Quadratic equations appear frequently in solving problems related to number theory, like the current one where the equations \( p+q \) and \( (p+q)^2-4n \) are utilized. A quadratic equation is typically expressed in the form \( ax^2 + bx + c = 0 \).
This exercise indirectly requires solving a system akin to quadratic equations.Given:

• \( p+q \) simplifies to one equation based on the characteristics of \( n \) and \( \phi(n) \).
• \( p-q = \sqrt{(p+q)^2 - 4n} \), another equation, resembles working out quadratic solutions.

Combining these equations can help find solutions for \( p \) and \( q \). The methodology follows the techniques used in solving quadratic systems with variables transformed into simpler expressions for easier interpretation.

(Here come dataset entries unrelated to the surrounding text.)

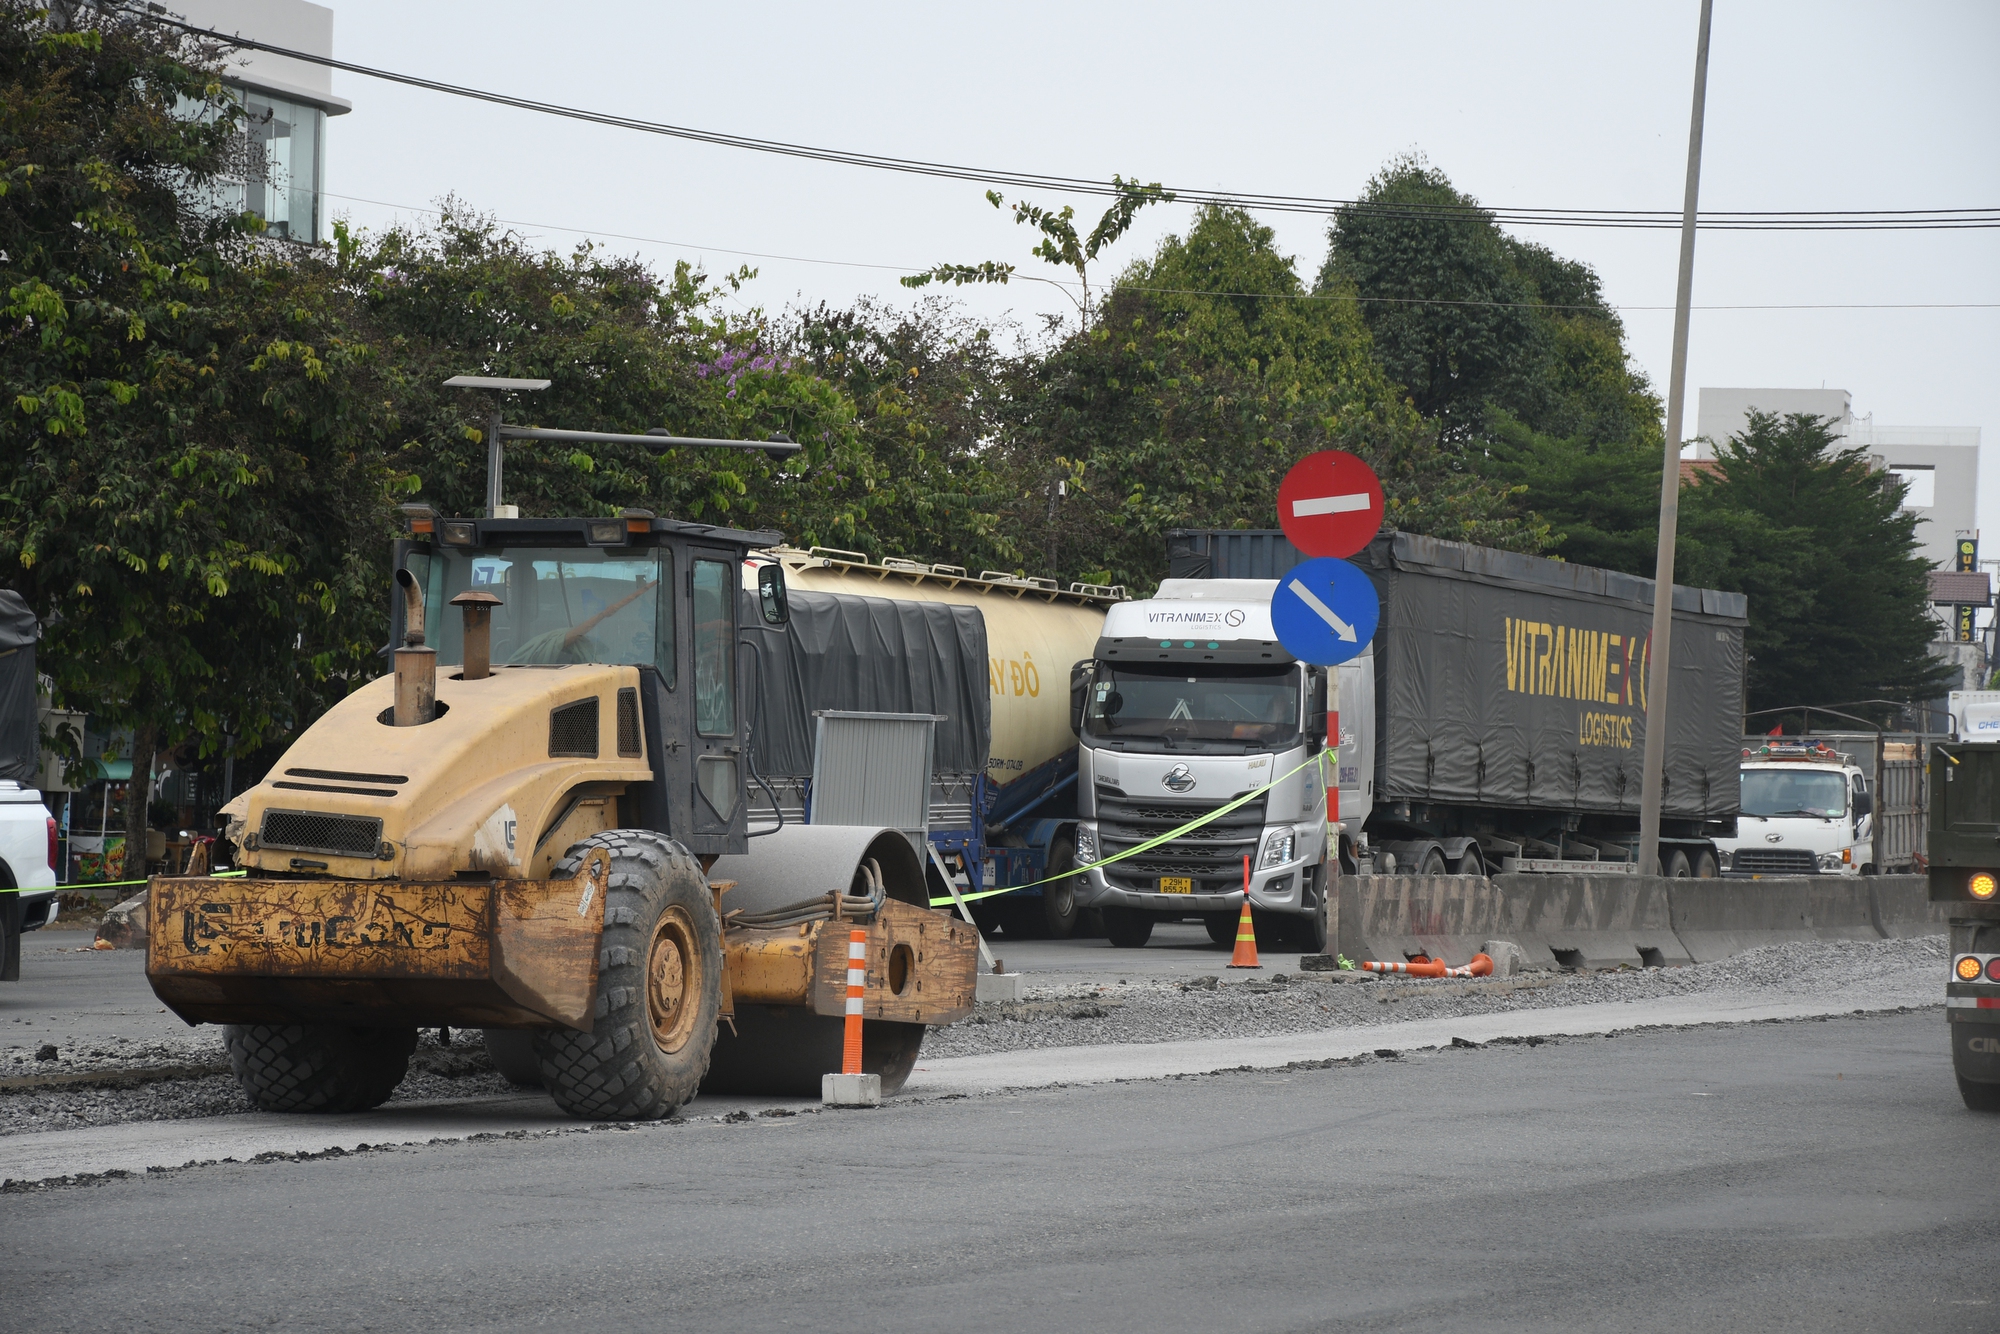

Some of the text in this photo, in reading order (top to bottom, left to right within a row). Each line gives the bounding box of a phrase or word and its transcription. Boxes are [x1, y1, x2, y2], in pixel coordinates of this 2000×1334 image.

[1149, 613, 1222, 623] VITRANIMEX
[1506, 617, 1636, 706] VITRANIMEX
[1010, 651, 1040, 698] ĐÔ
[1579, 712, 1632, 749] LOGISTICS
[1163, 885, 1188, 894] 855.21
[1168, 878, 1183, 886] 29H
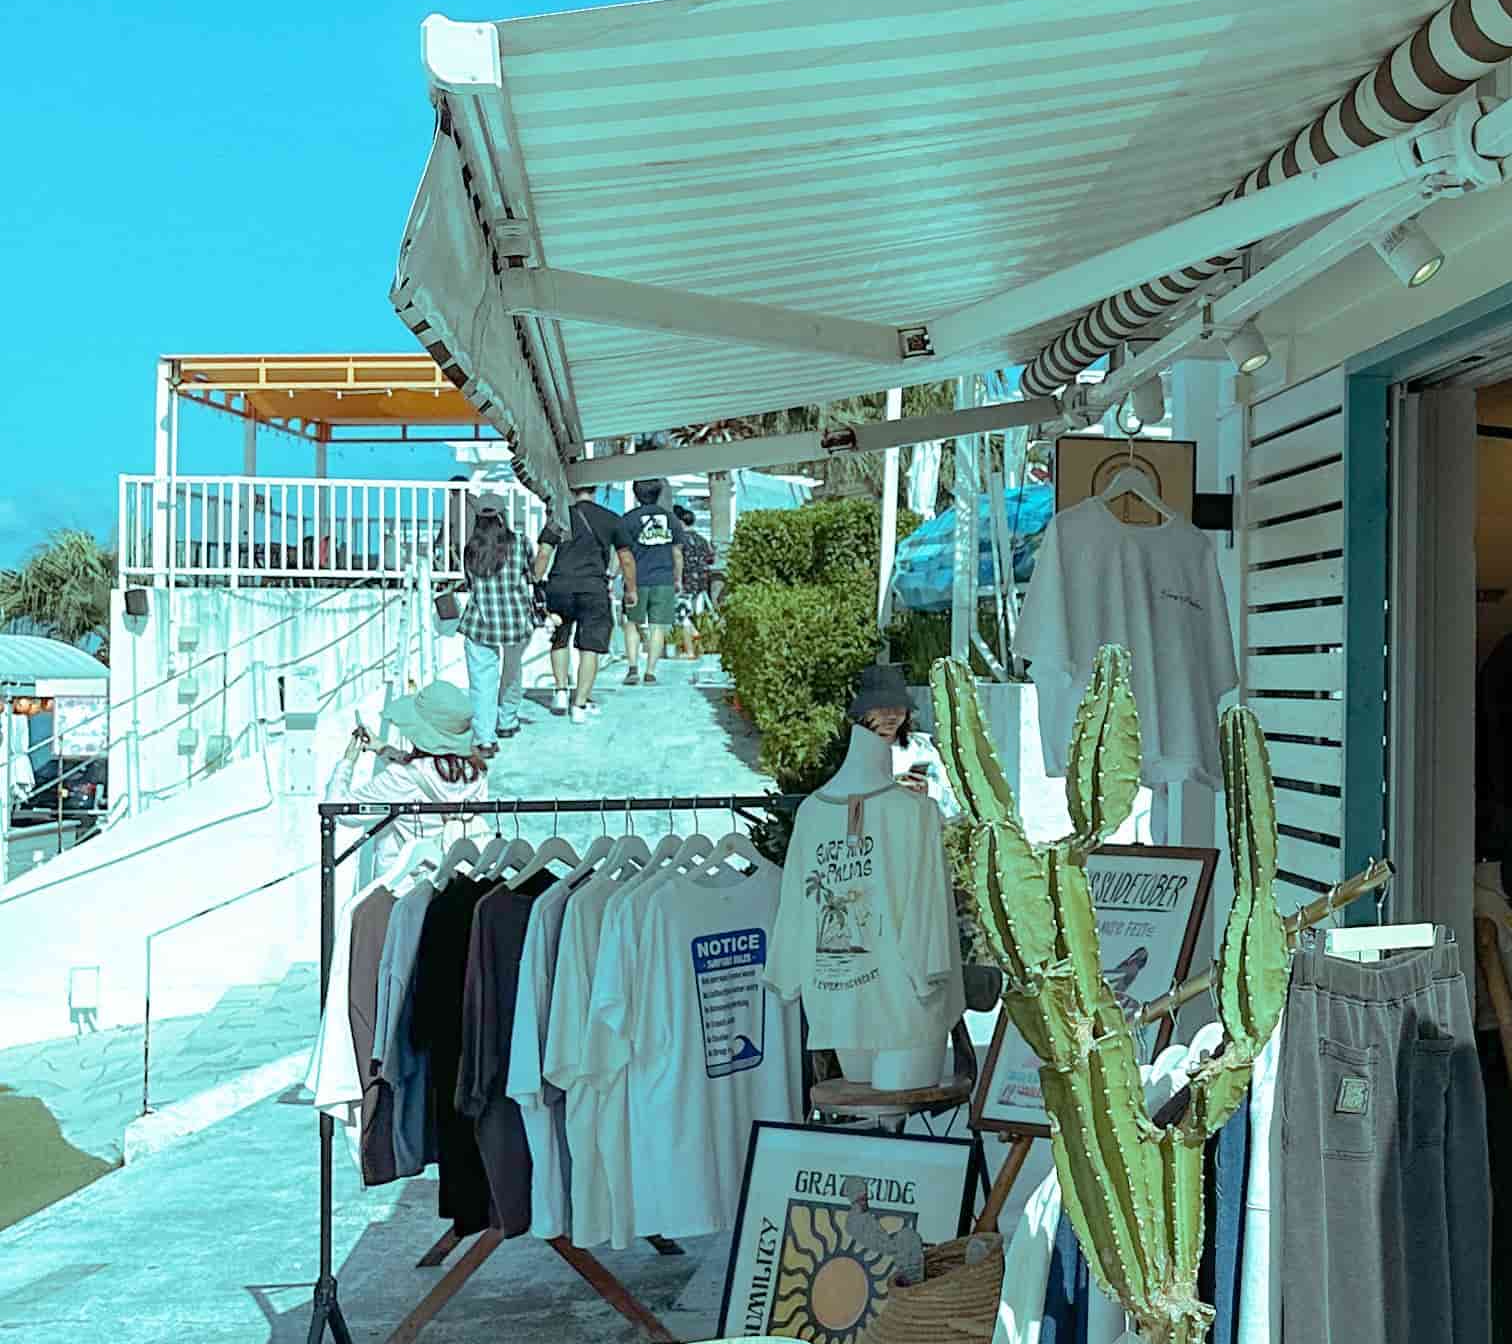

Understanding perfect squares helps immensely when solving the quadratic derivation in the exercise. A perfect square is a number that is the square of an integer. In the problem, the difference calculated \( \sqrt{2528100} = 1590 \) is a perfect square, greatly simplifying the problem.Here's why recognizing perfect squares matters:

• Direct calculation of square roots is simpler when dealing with perfect squares.
• Perfect squares reveal hidden integer solutions in equations, helping solve for variables like \( p \) and \( q \).
• Solving \( p-q \) uses the square root of \( 2528100 \), showing it is crucial to understanding its perfect square nature.

Being attentive to perfect squares and their properties allows you to simplify and solve equations that might otherwise seem more complex.